WORKING DATA |
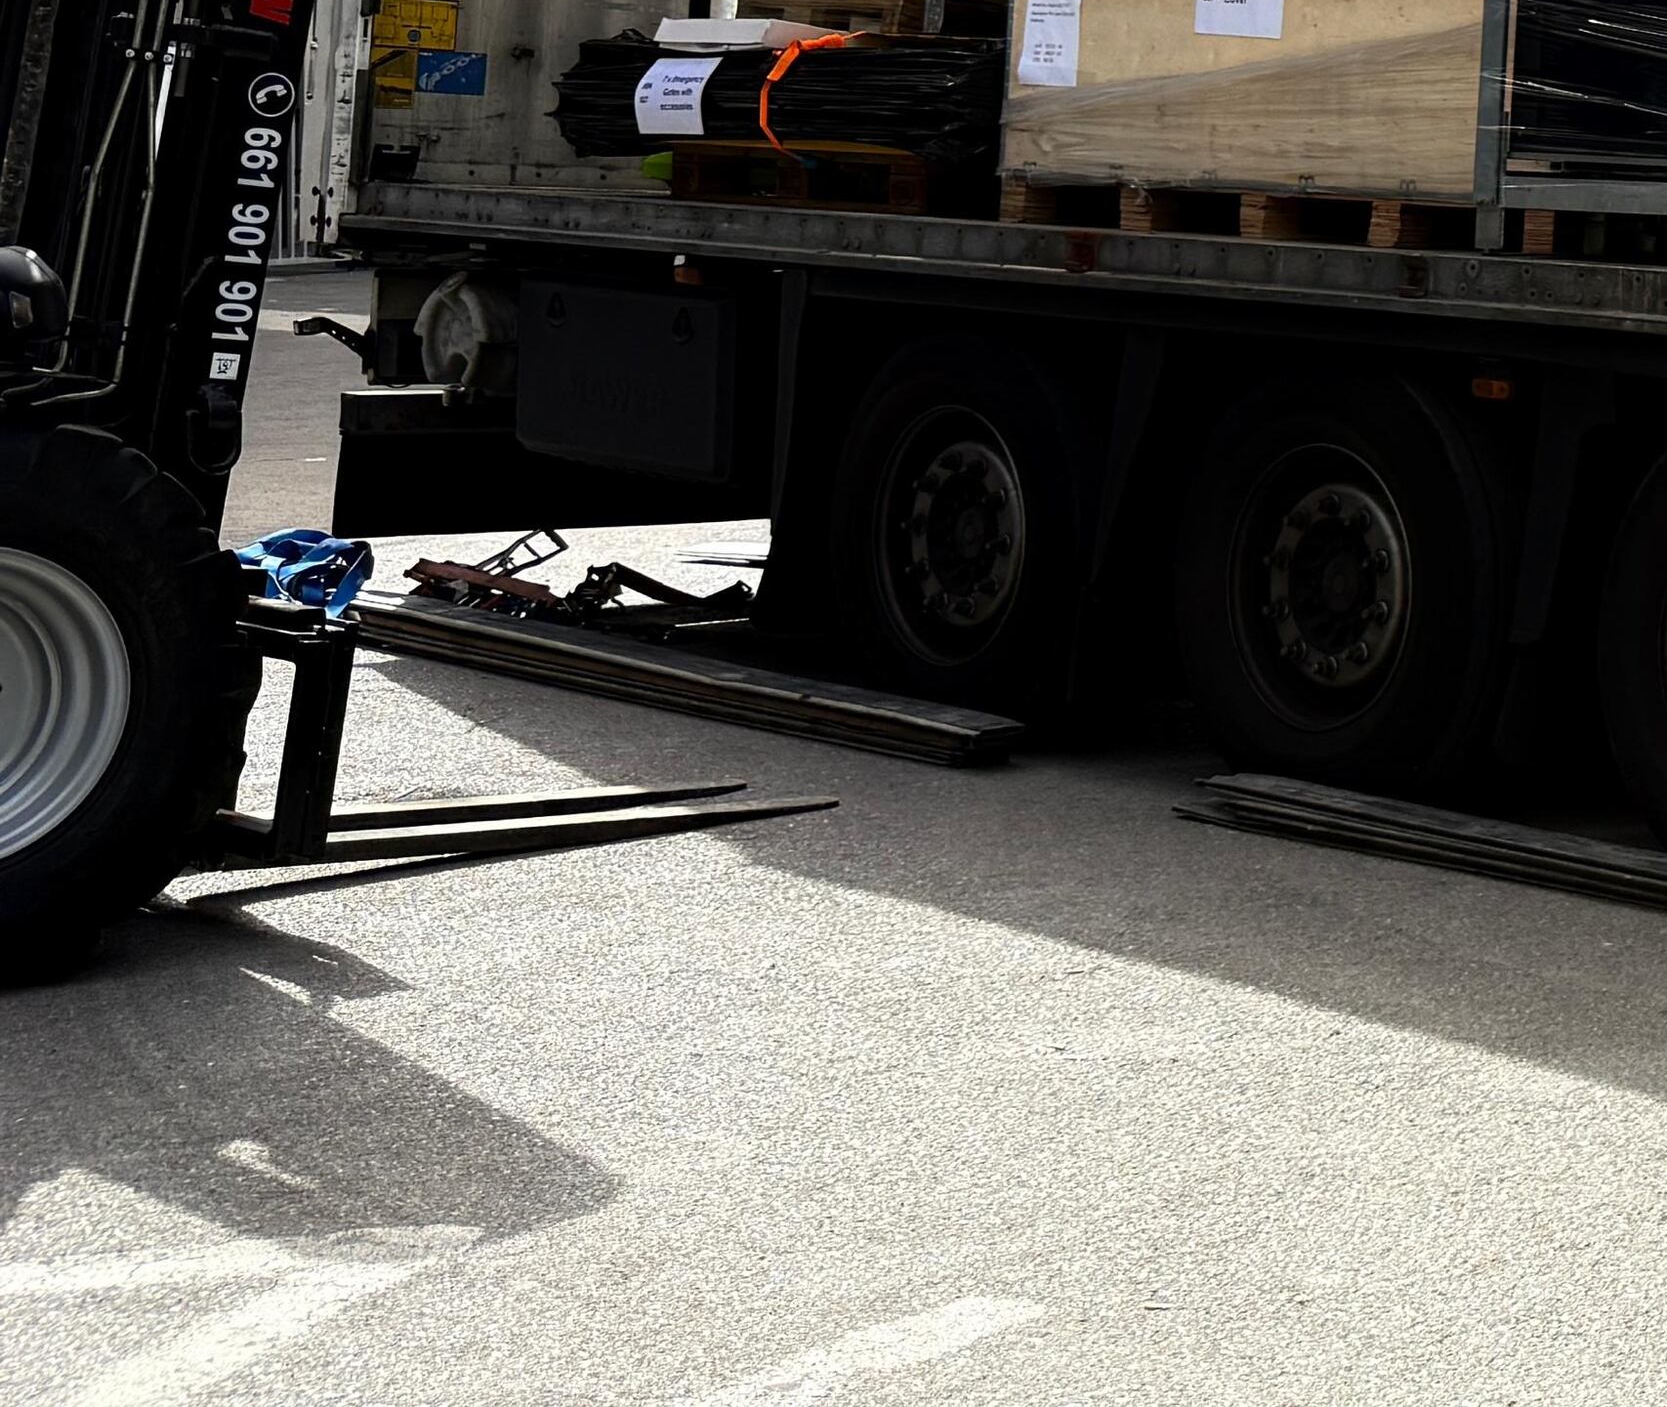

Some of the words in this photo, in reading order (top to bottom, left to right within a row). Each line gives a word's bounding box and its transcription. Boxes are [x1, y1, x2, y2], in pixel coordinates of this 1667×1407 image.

[236, 127, 282, 188] 661
[224, 203, 269, 265] 901
[211, 280, 256, 342] 901
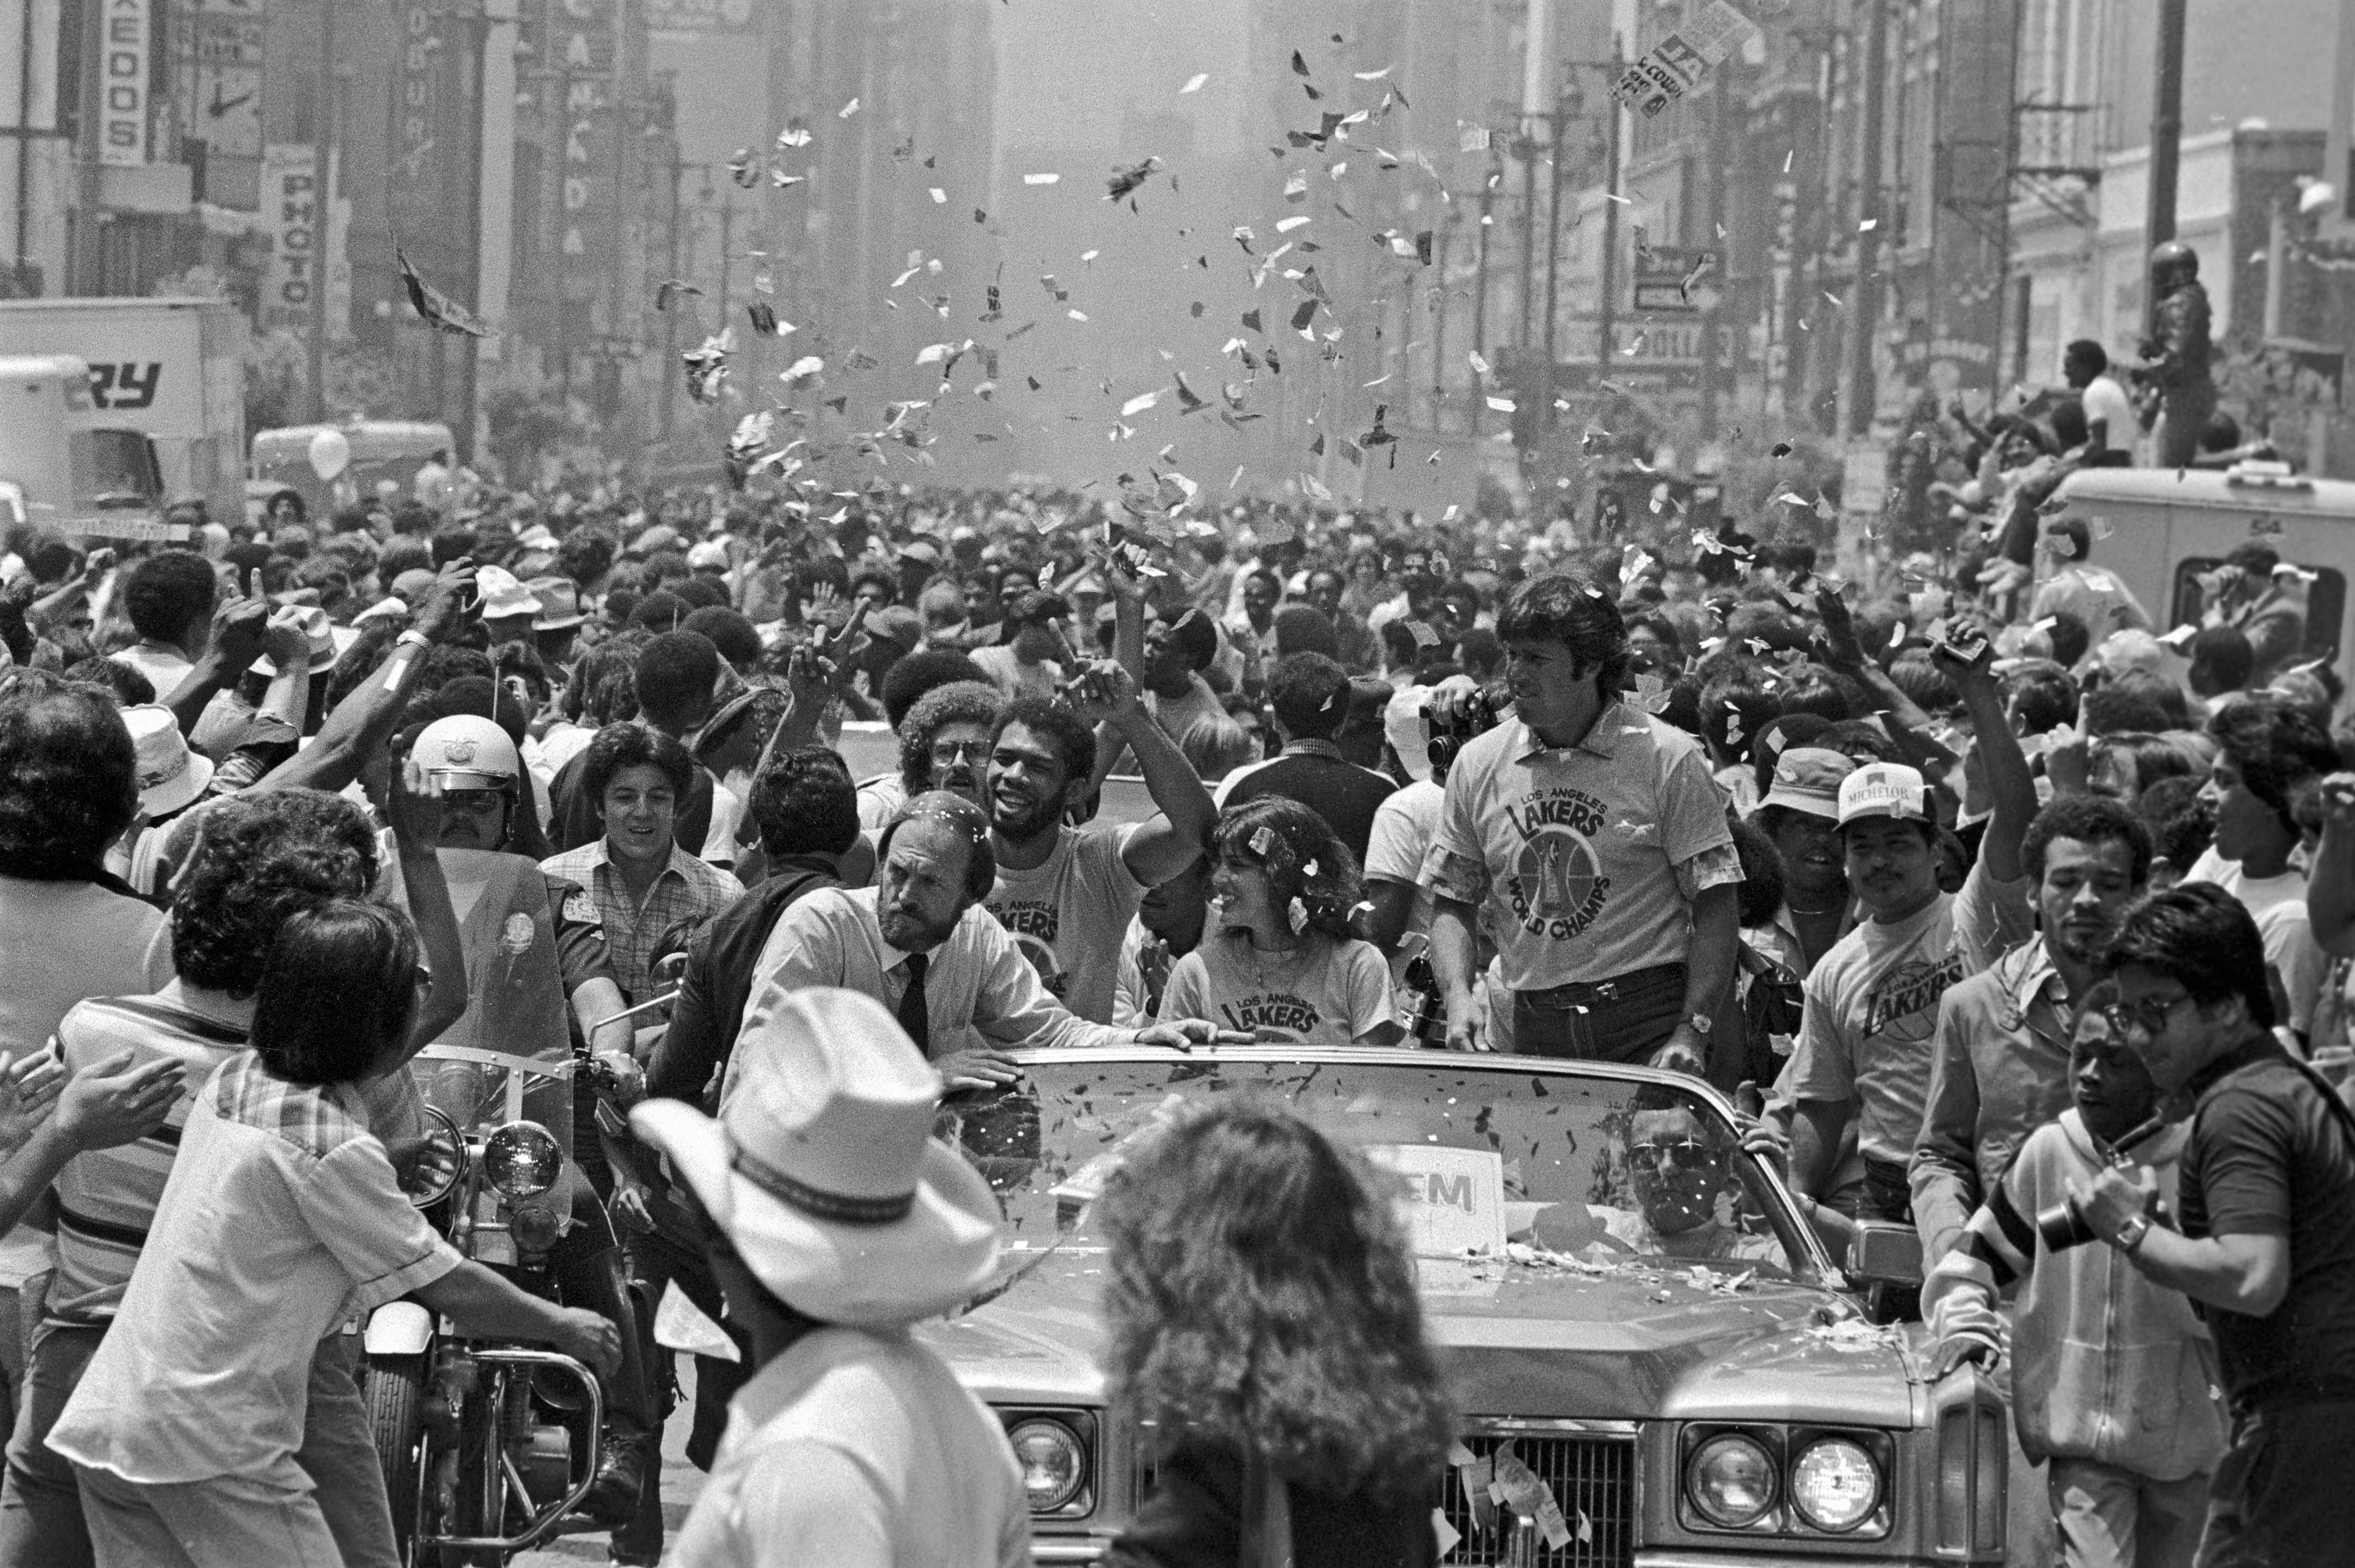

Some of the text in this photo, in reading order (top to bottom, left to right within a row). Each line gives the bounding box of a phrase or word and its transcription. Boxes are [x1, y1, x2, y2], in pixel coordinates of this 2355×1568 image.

[282, 175, 313, 303] PHOTO
[1505, 801, 1605, 841] LAKERS
[1521, 787, 1608, 815] LOS ANGELES
[1508, 876, 1545, 936] WORLD
[1550, 877, 1611, 941] CHAMPS
[1000, 911, 1059, 943] KERS
[1221, 1003, 1319, 1033] LAKERS
[1235, 995, 1261, 1009] LOS
[1861, 963, 1963, 1040] LAKERS

AIM OF THE TASK |
Nothing but the lines from the one containing "Some of the text" through the end of the material should appear; please return them exactly.

EXERCISE ANSWER |
Some of the text in this photo, in reading order (top to bottom, left to right within a row). Each line gives the bounding box of a phrase or word and its transcription. Boxes are [x1, y1, x2, y2], in pixel coordinates of this 2355×1568 image.

[282, 175, 313, 303] PHOTO
[1505, 801, 1605, 841] LAKERS
[1521, 787, 1608, 815] LOS ANGELES
[1508, 876, 1545, 936] WORLD
[1550, 877, 1611, 941] CHAMPS
[1000, 911, 1059, 943] KERS
[1221, 1003, 1319, 1033] LAKERS
[1235, 995, 1261, 1009] LOS
[1861, 963, 1963, 1040] LAKERS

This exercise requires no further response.